This article was written by Laura H. Peebles
If Gio González (8-5, with a 2.81 ERA entering the game) had not pitched well for the visiting Washington Nationals in Miami on July 31, 2017, it would have been understandable. That day would have been his friend José Fernández’s twenty-fifth birthday. Fernández, the Miami Marlins former ace, died in a boating accident near the end of the 2016 season.1 Gio had just met Penelope, José’s infant daughter, when the Fernández family visited the Miami ballpark for the first time since his death.
In 2017 spring training, González told his manager Dusty Baker that his goal was to pitch in the All-Star Game, to be played in Miami.2 Although he had a good first half of the year (2.86 ERA at the All-Star break), he was not selected for the National League team. Being in a rotation with All-Stars Max Scherzer and Stephen Strasburg may have contributed to his being omitted. But here he was in Miami, pitching in front of as friendly a road crowd as the Nationals were likely to encounter all year. As usual, among the crowd of 18,962 were many of González’s friends and family–he was born and raised in Hialeah, Florida, about eight miles from the ballpark.

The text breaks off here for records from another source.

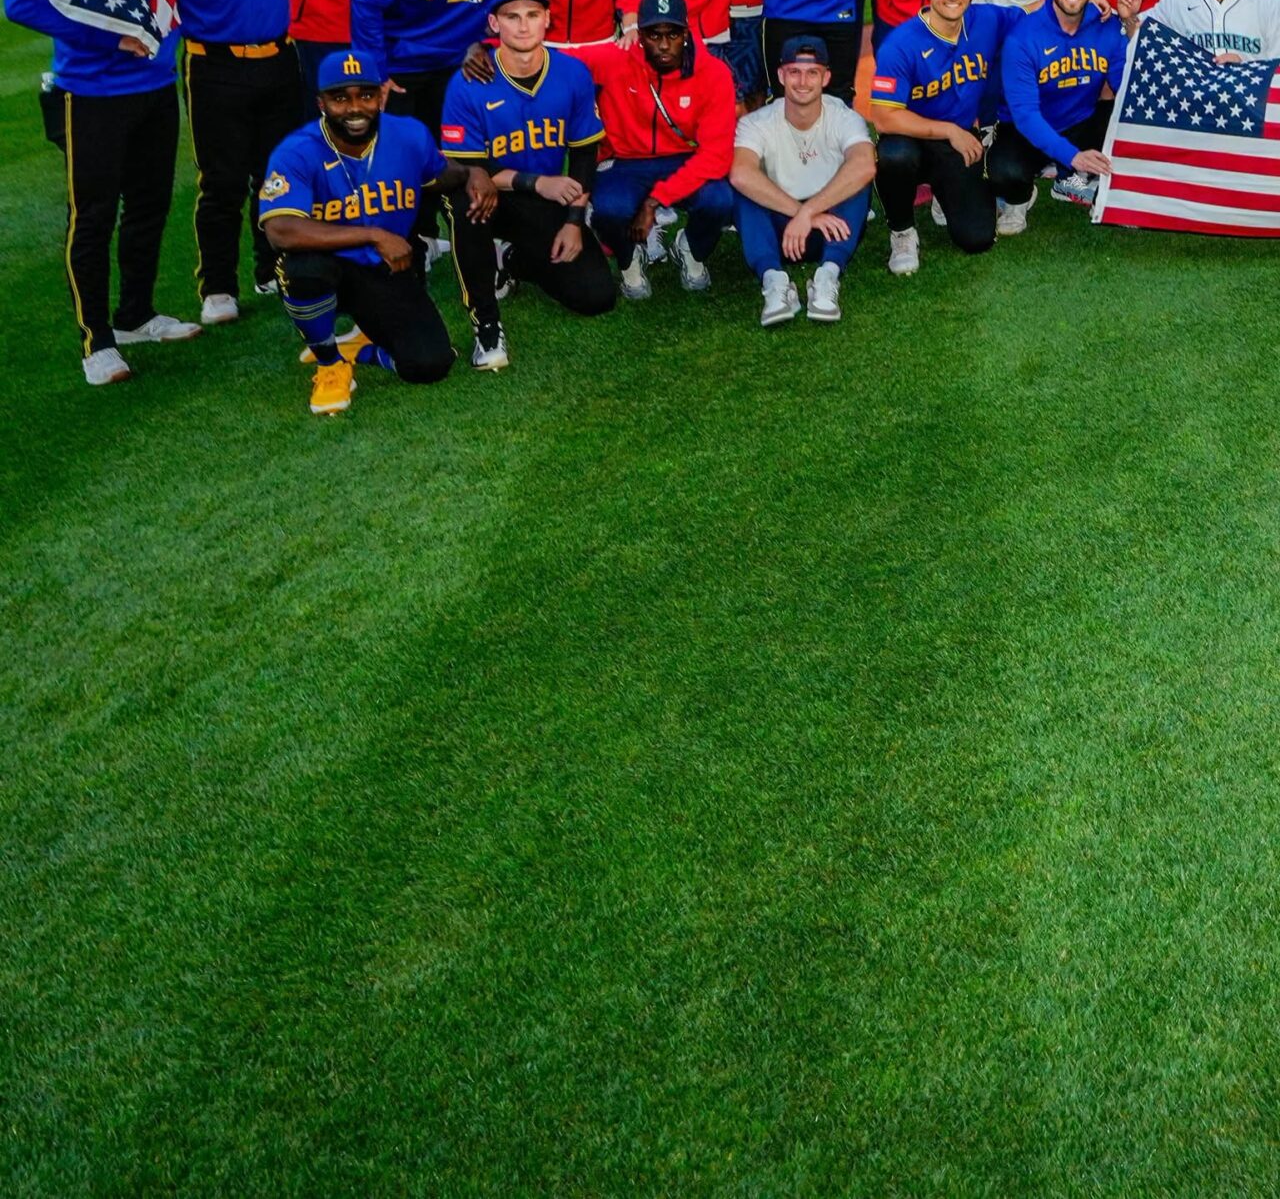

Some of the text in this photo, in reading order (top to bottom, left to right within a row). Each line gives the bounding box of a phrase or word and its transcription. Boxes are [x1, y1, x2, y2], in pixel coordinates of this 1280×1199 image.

[1039, 47, 1108, 84] seattle
[486, 118, 566, 159] eattl
[311, 180, 415, 222] seattle
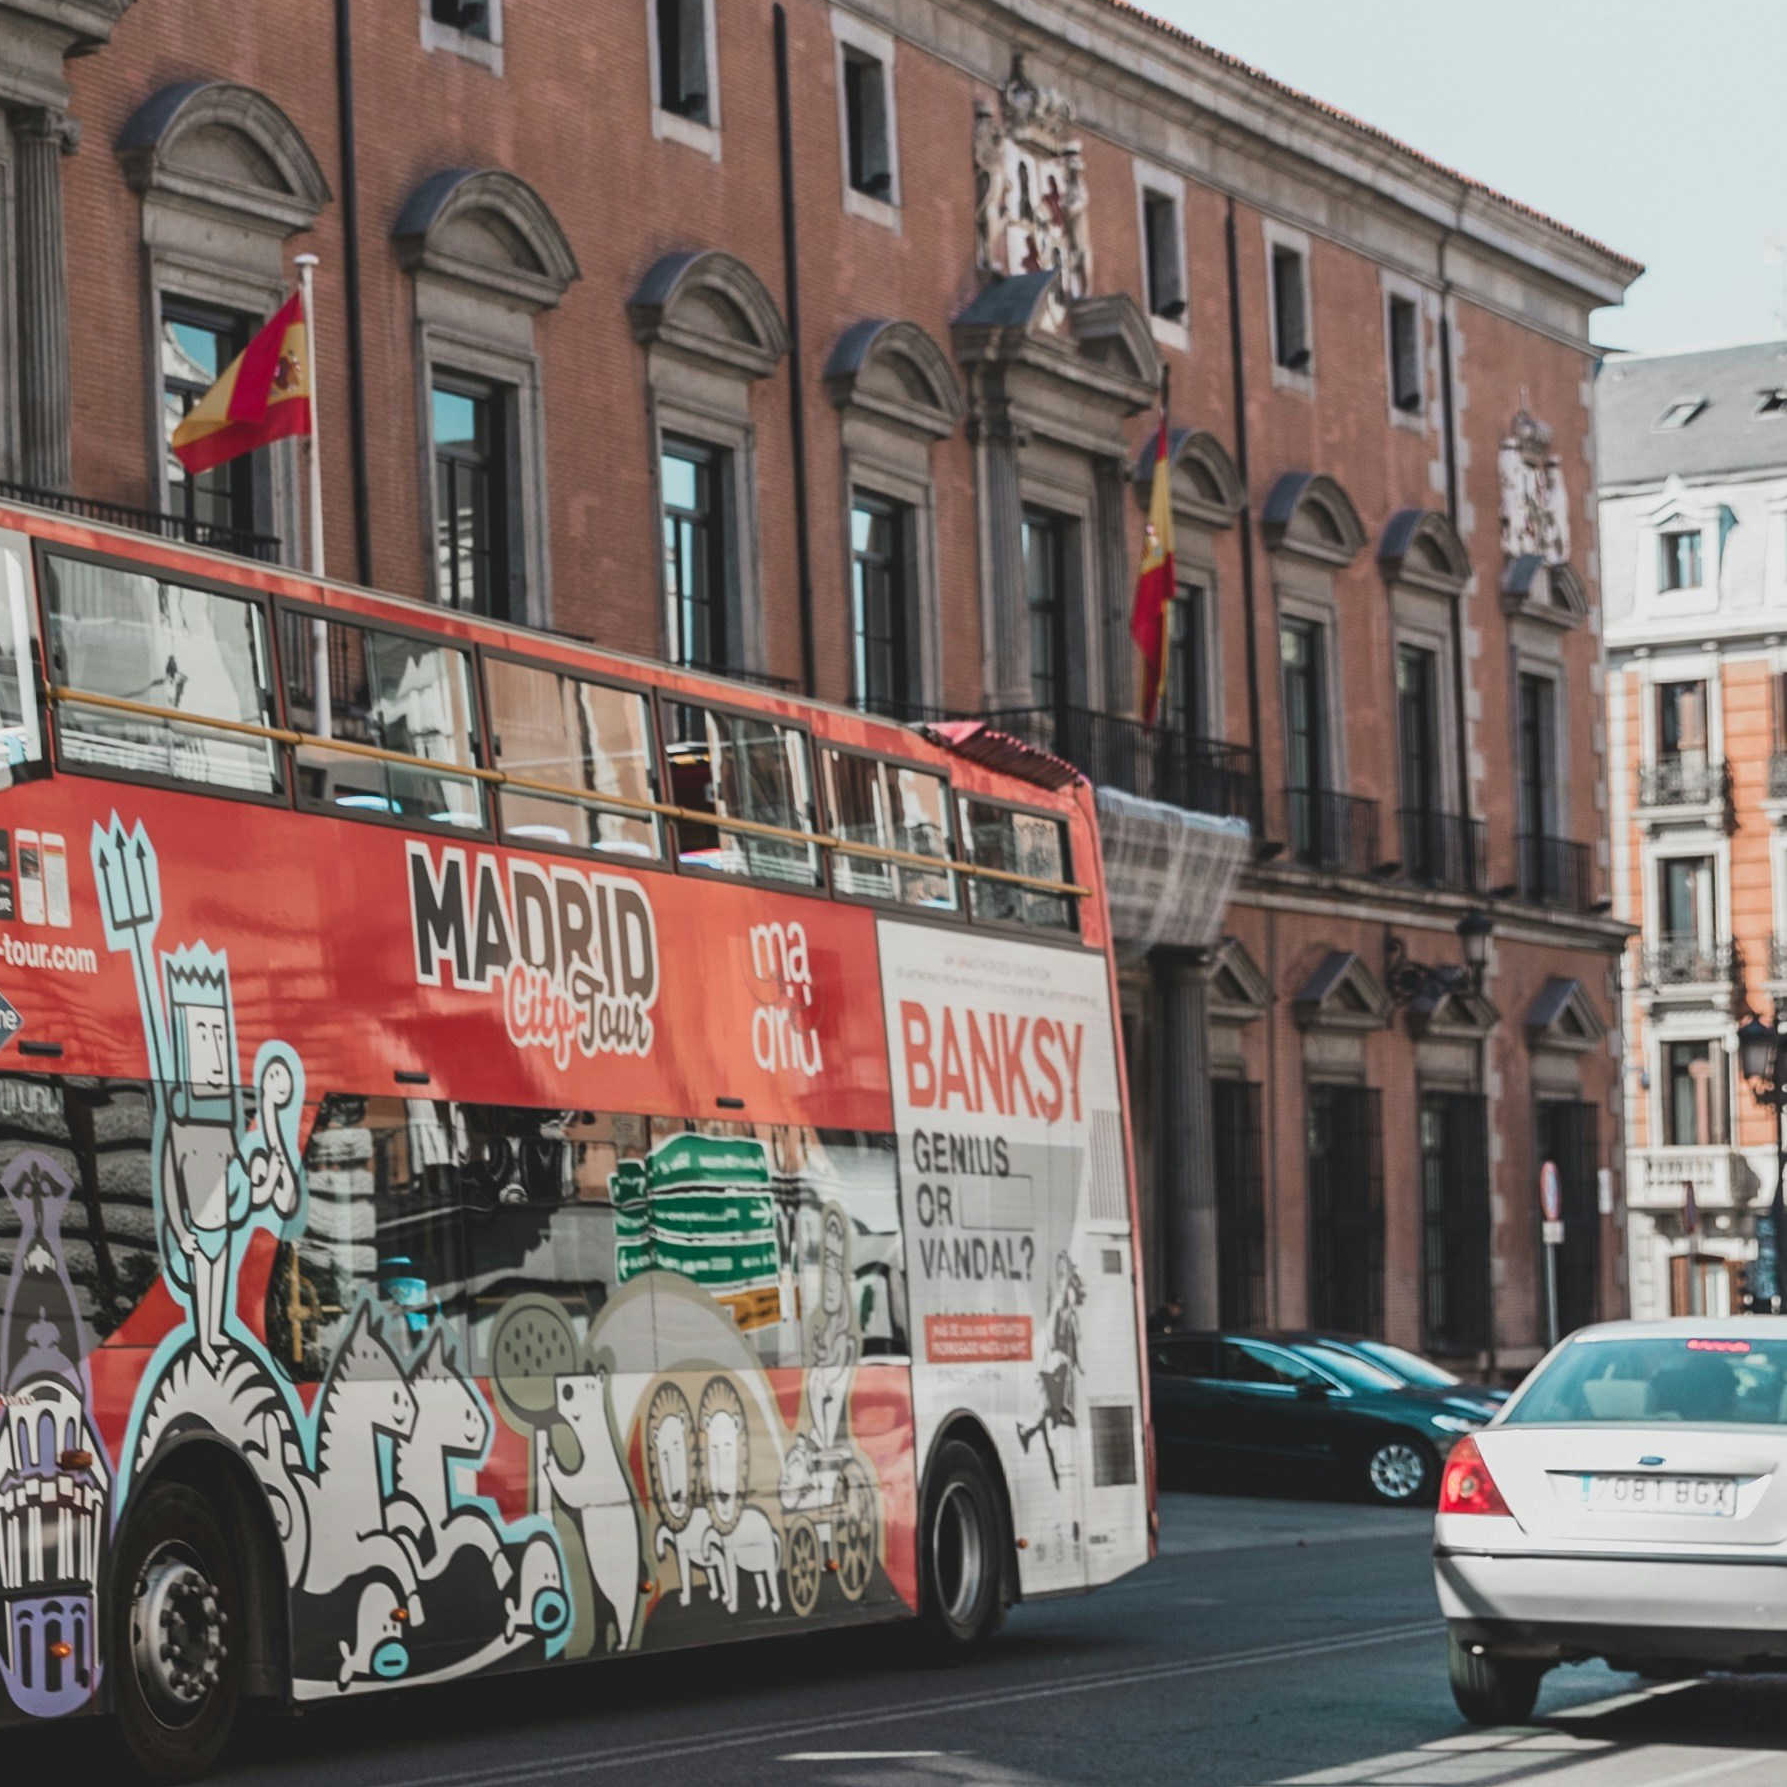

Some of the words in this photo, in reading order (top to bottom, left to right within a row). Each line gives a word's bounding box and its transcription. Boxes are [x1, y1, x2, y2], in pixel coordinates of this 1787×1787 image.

[407, 842, 658, 1004] MADRID
[510, 964, 577, 1067] City
[570, 968, 651, 1055] Tour
[898, 999, 1085, 1124] BANKSY
[912, 1127, 1010, 1178] GENIUS
[915, 1183, 953, 1229] OR
[918, 1235, 1036, 1283] VANDAL?
[1675, 1478, 1727, 1506] BGX
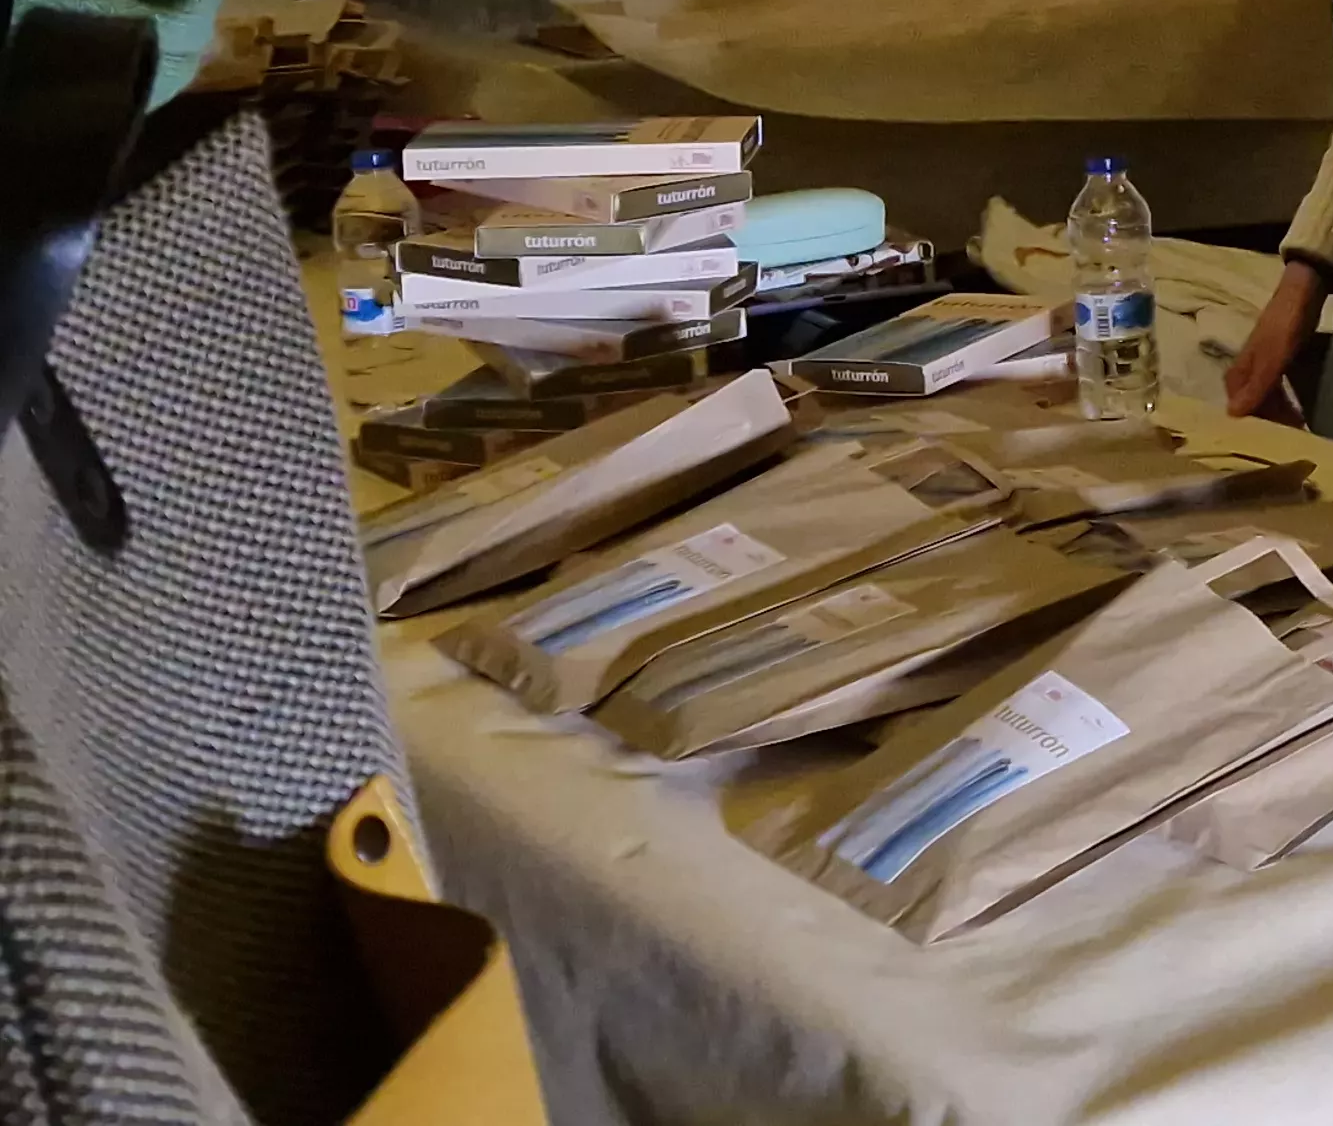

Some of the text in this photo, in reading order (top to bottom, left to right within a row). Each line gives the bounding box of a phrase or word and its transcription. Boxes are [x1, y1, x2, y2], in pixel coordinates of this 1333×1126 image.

The Nationals were facing José Ureña (9-4, 4.04 ERA), who was making his first career start against the Nationals. Ureña’s Marlins were a distant second in the National League East, 13 games behind the Nationals. At 49-54, they were not looking like a postseason possibility.3
Matt Wieters was catching González. Wieters had signed on with the Nationals in February, displacing Derek Norris.4 During his interview with Nationals’ general manager Mike Rizzo, Wieters presented a plan to help the Nationals’ pitchers, especially González. Rizzo said “he was blown away by Wieters’ preparation,” and made Wieters an offer.5 Wieters’ planning seemed to have worked. Not only did González credit his success in 2017 to Wieters,6 the statistics back it up: his 2017 ERA was 2.96, a marked improvement over the 4.57 he posted in 2016.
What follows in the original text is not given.